Les polluants atmosphériques pouvant provoquer ou accroître l’apparition de l’asthme sont les particules, le SO2, l’ozone et le NO2. Ces polluants irritent la muqueuse respiratoire et peuvent favoriser les manifestations allergiques ou aggraver celles qui existent déjà. Les autres facteurs irritants sont les pollens ou la fumée de cigarette.

Les personnes les plus touchées sont les enfants, les personnes âgées, les malades, particulièrement les personnes vivant dans des logements anciens, mal aérés, des quartiers pollués.

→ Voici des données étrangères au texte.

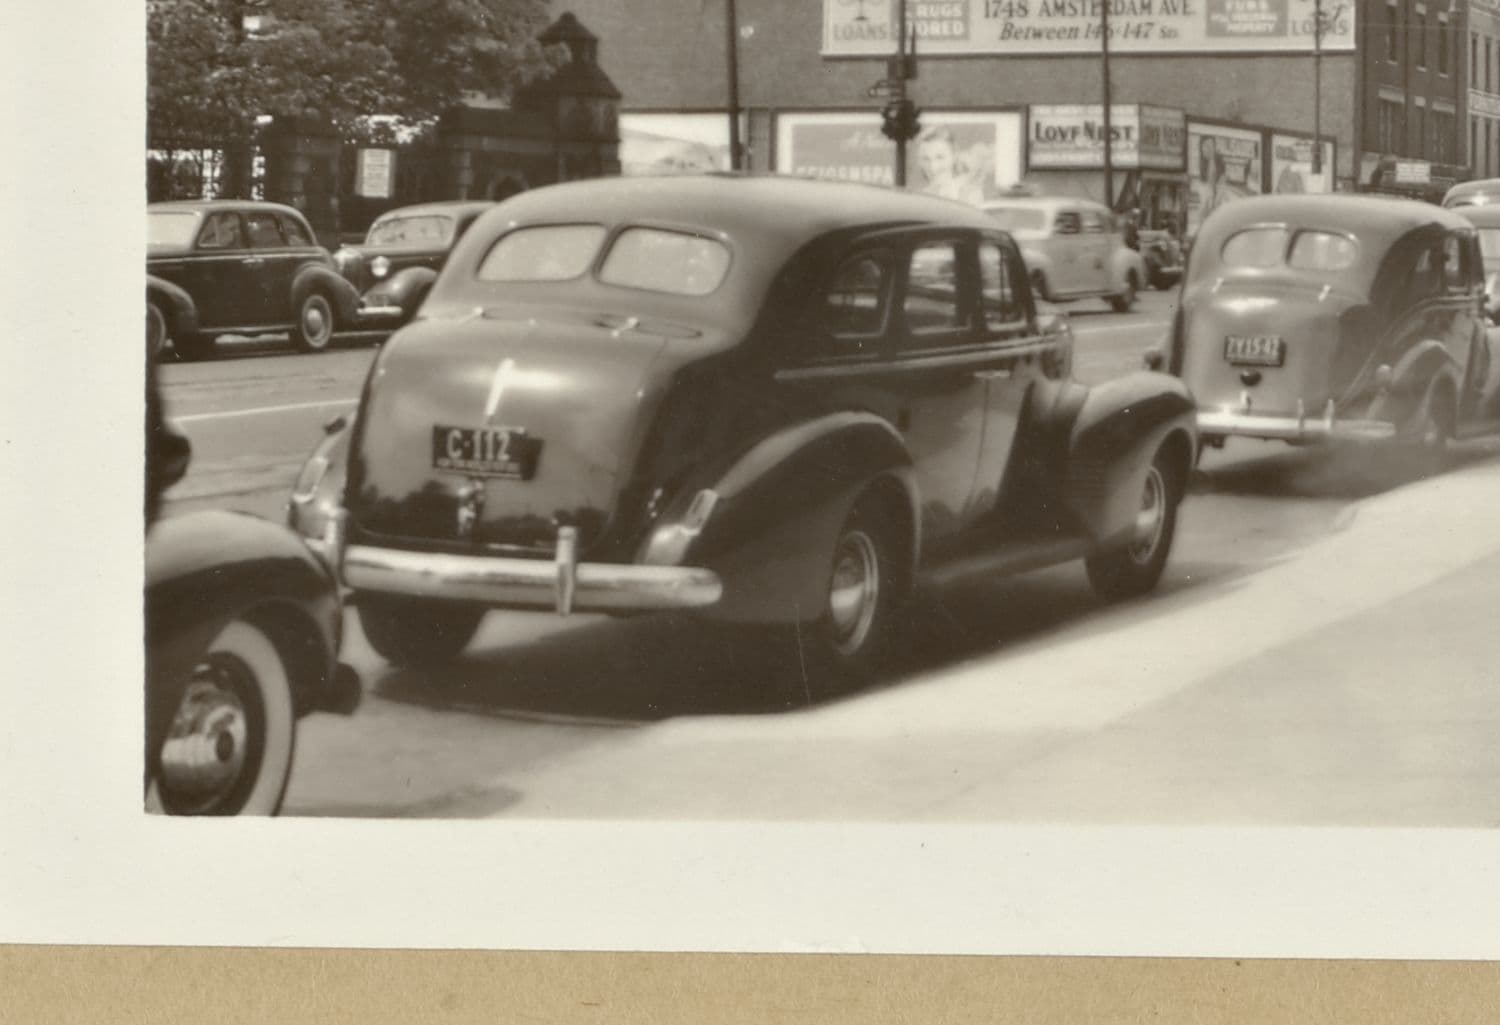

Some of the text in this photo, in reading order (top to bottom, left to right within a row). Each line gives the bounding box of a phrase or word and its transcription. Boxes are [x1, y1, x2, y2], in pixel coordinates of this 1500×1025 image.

La broncho-pneumopathie chronique obstructive

Cette maladie chronique est causée par une exposition prolongée et cumulative à des substances irritantes. Elle est très présente à Bruxelles et y provoque une mortalité supérieure au reste de la Belgique. Le premier facteur de risque de cette affection est le tabac, consommé de manière active, mais aussi passive par présence dans des locaux où d'autres  fument. La pollution de l’air (SO2 et NO2 surtout) contribue également à son apparition et son aggravation.

Les intoxications au CO

Le CO est un gaz inodore et incolore qui se fixe dans le sang, bloquant l’oxygénation du système nerveux et du cœur. Une exposition importante peut provoquer des maux de tête, des vomissements. Dans des cas extrêmes, il peut provoquer des séquelles neurologiques irréversibles voire la mort par manque d’oxygène. Il émane le plus souvent des chauffe-eau, des appareils de chauffage mobiles ou encore des poêles à charbon.

Les gaz d’échappement des véhicules en contiennent également. Ils  peuvent devenir dangereux s’ils s’échappent dans un endroit clos comme un garage. De nombreux accidents et même des décès dus au CO sont encore déplorés chaque année.

Des symptômes variés

Une série de symptômes comme la migraine, les maux de dos, l’hypertension, les dépressions, des ulcères… peuvent aussi être plus ou moins liés à des paramètres de l'environnement comme le bruit et le stress urbains.

Enfin, des maladies plus rares et spécifiques sont aussi liées, à de la pollution, comme l’intoxication au plomb contenu dans les vieilles peintures et les anciennes canalisations d’eau (saturnisme).